Speaking on Friday in Abuja, Lieutenant General Shaibu described the War College as the Nigerian Army’s premier operational-level institution, the bridge between tactical execution in the field and strategic decision-making at the highest command levels.
“There is no magic trick for effective performance other than excellent training and the acquisition of vital military skills,” he said, echoing the words of former Head of State, Ibrahim Badamasi Babangida.
Course 10/2026 brings together 85 senior officers of the Nigerian Army, alongside two officers each from the Nigerian Navy and Nigerian Air Force, as well as participants from Botswana, Chad, Guinea, Liberia, Republic of Congo, Cameroon, Ghana and South Africa.
The multinational composition underscores Nigeria’s growing influence in regional military education and its leadership role in continental security cooperation.
Defence analysts note that the inclusion of officers from eight African countries reinforces Abuja’s strategic soft power in West and Central Africa.
Established in 2017, the AWCN was conceived to close the operational gap between field command and national strategy.
Since then, it has evolved into a centre of excellence in operational art, military strategy and national security studies.
Gen Shaibu said the College equips carefully selected officers with the capacity to translate national objectives into synchronised operational plans particularly within joint and multi-agency environments where coordination is critical.
He pointed to advances in curriculum development, research, innovation and infrastructure as evidence of institutional maturation.
Against the backdrop of evolving security threats from insurgency to transnational crime the Army Chief stressed the urgency of adaptive leadership and operational preparedness.
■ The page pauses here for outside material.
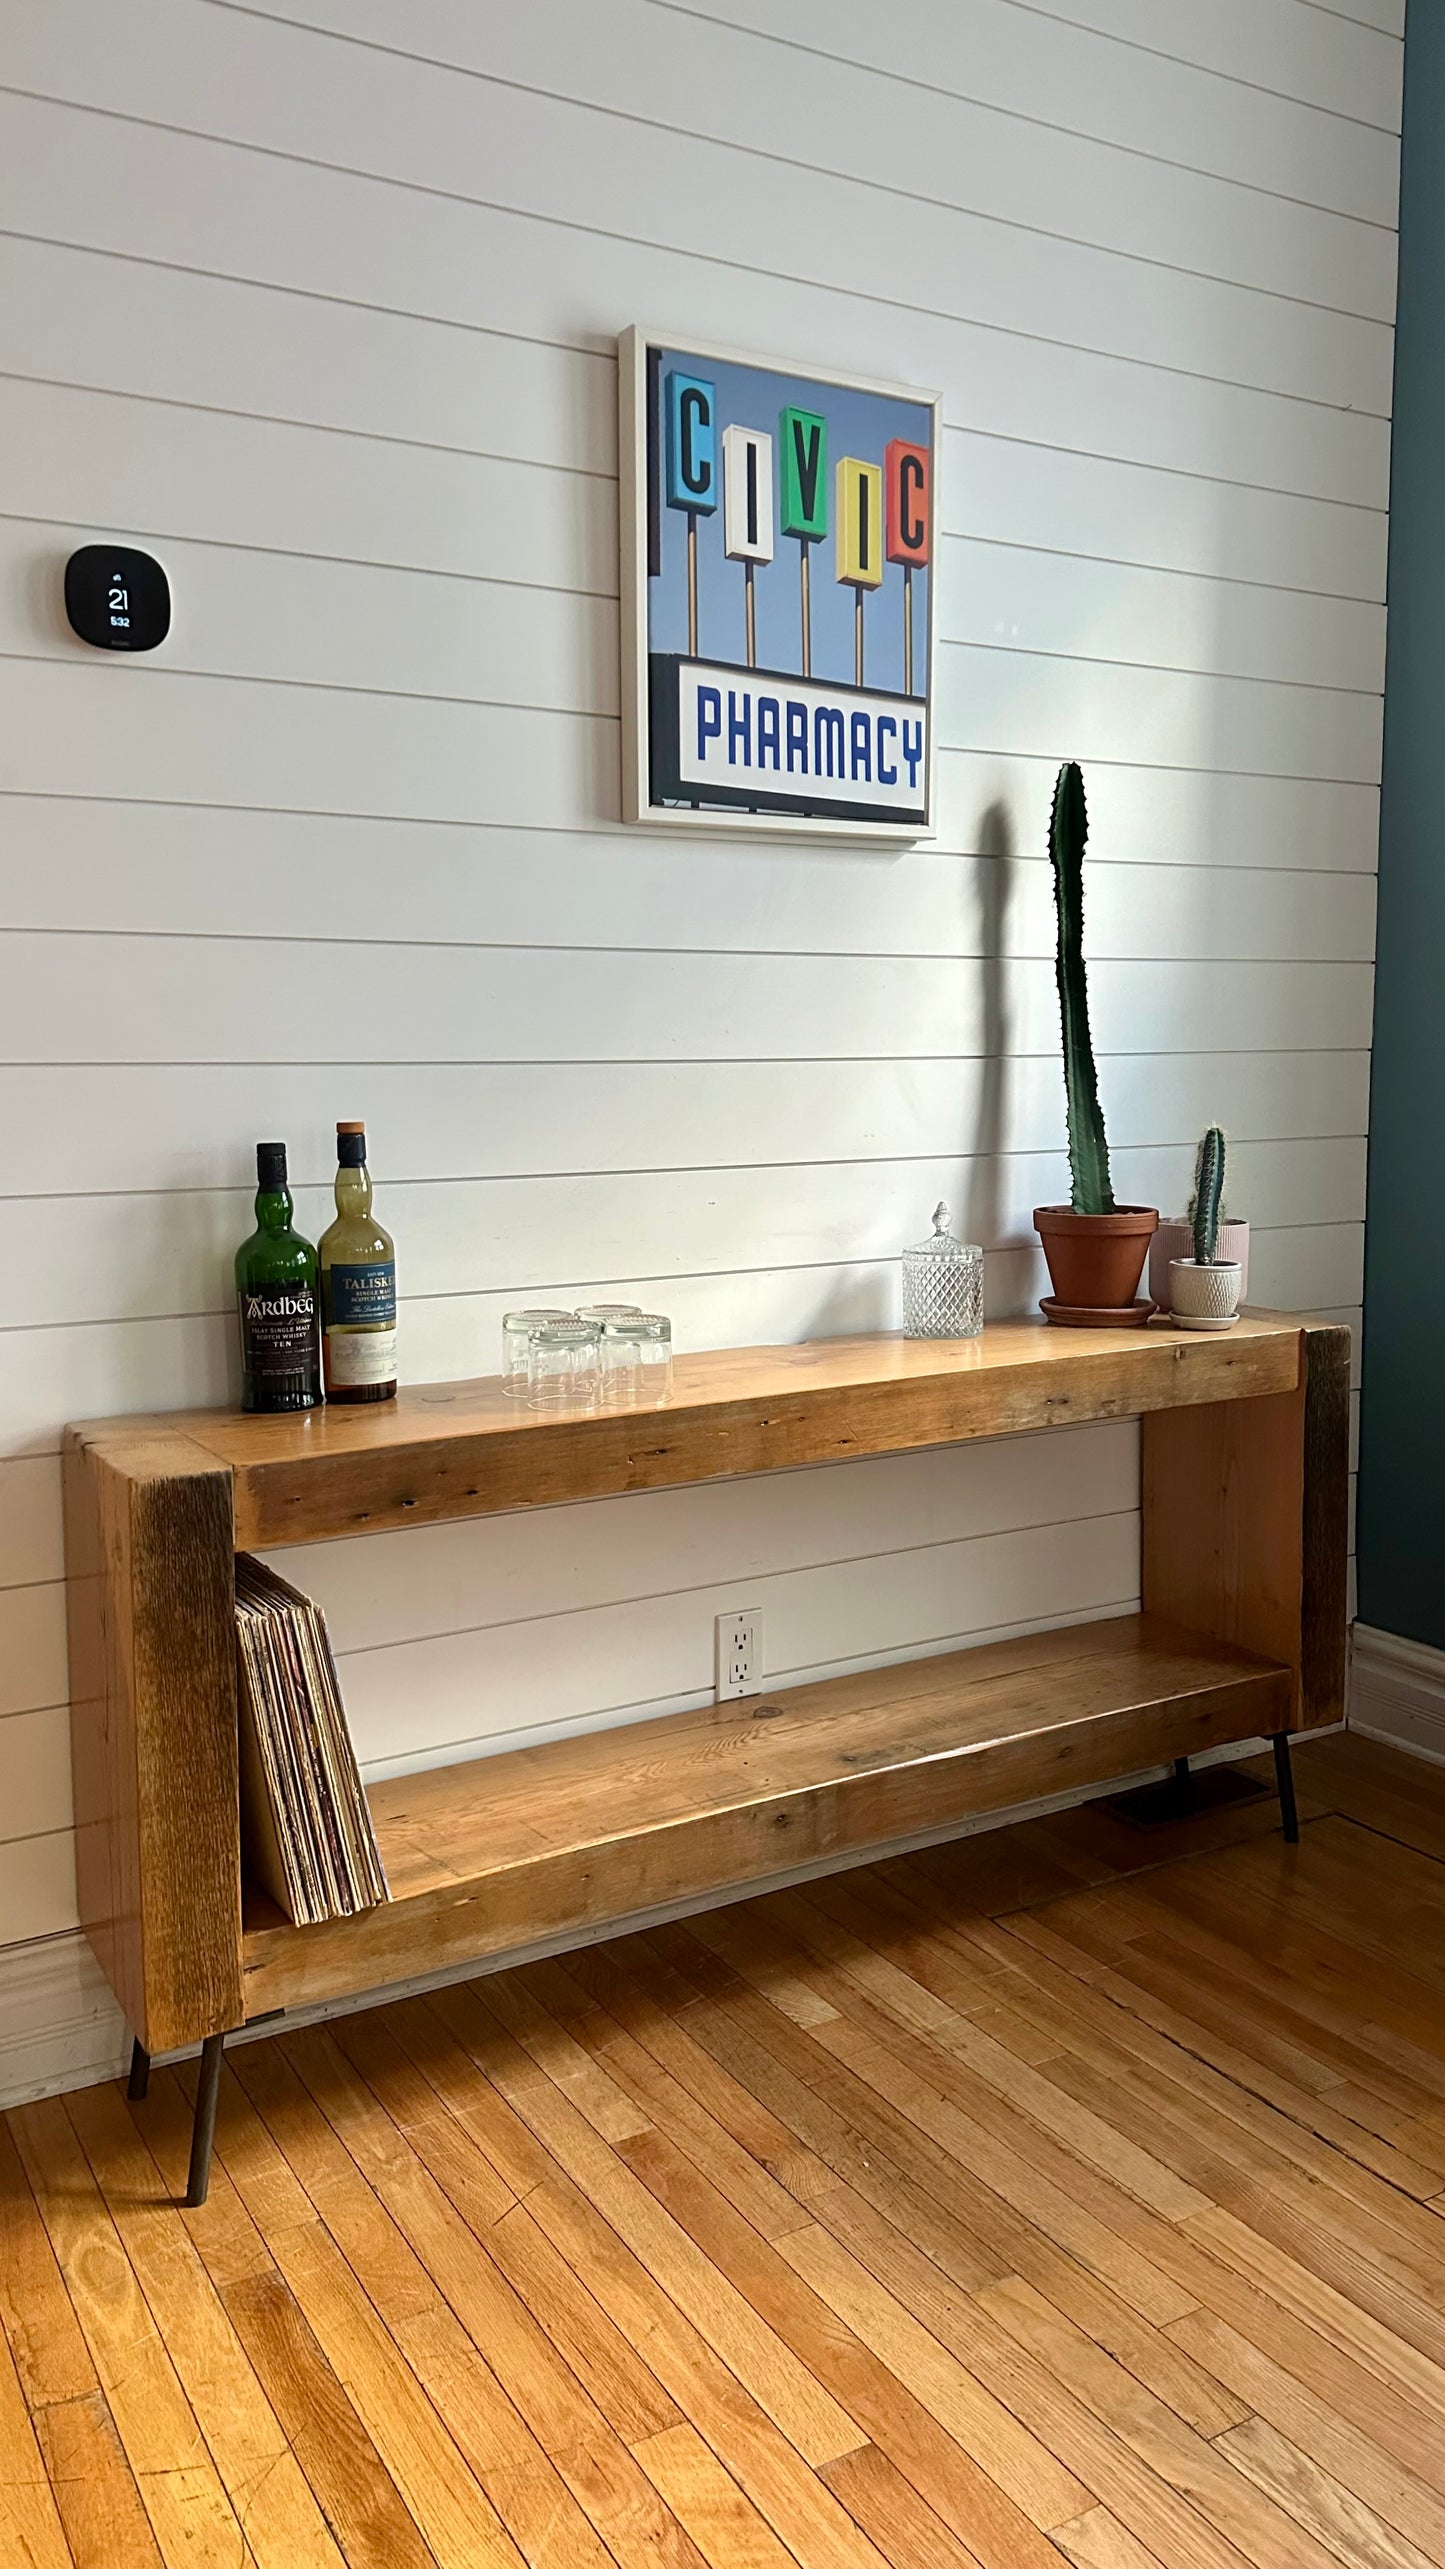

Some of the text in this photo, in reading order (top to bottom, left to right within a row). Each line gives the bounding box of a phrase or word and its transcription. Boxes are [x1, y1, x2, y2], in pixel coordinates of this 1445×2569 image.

He urged participants to challenge conventional thinking, broaden their strategic outlook and deepen their grasp of modern warfare dynamics.
“The nation will rely on you for innovative and actionable solutions,” he told the officers.
The training, he added, aligns with his command philosophy of transforming the Nigerian Army into a more professional, adaptable and combat-ready force capable of decisive action within joint and multi-agency theatres.
The ceremony featured an inaugural lecture titled “Harnessing Indigenous Technological Innovations for Enhanced National Defence,” delivered by former Chief of Defence Staff, Abayomi Gabriel Olonisakin (Rtd).
The lecture spotlighted the role of home-grown technology and defence innovation in strengthening Nigeria’s strategic autonomy, a theme increasingly central to modern military doctrine.
Earlier, the Commandant of the College, Major General Umaru Alkali, described the inauguration as a defining milestone in the officers’ professional journey, saying the course is designed to produce agile and decisive leaders equipped for volatile security landscapes.
For Nigeria’s military hierarchy, the message from Abuja was clear: operational success is engineered in classrooms long before it is tested in combat zones.
With 89 senior officers now entering an intensive operational curriculum, the Army is betting that disciplined training not chance will determine outcomes in Nigeria’s complex security theatres.
In the calculus of modern warfare, Shaibu’s doctrine is unambiguous: excellence in training today equals dominance on the battlefield tomorrow.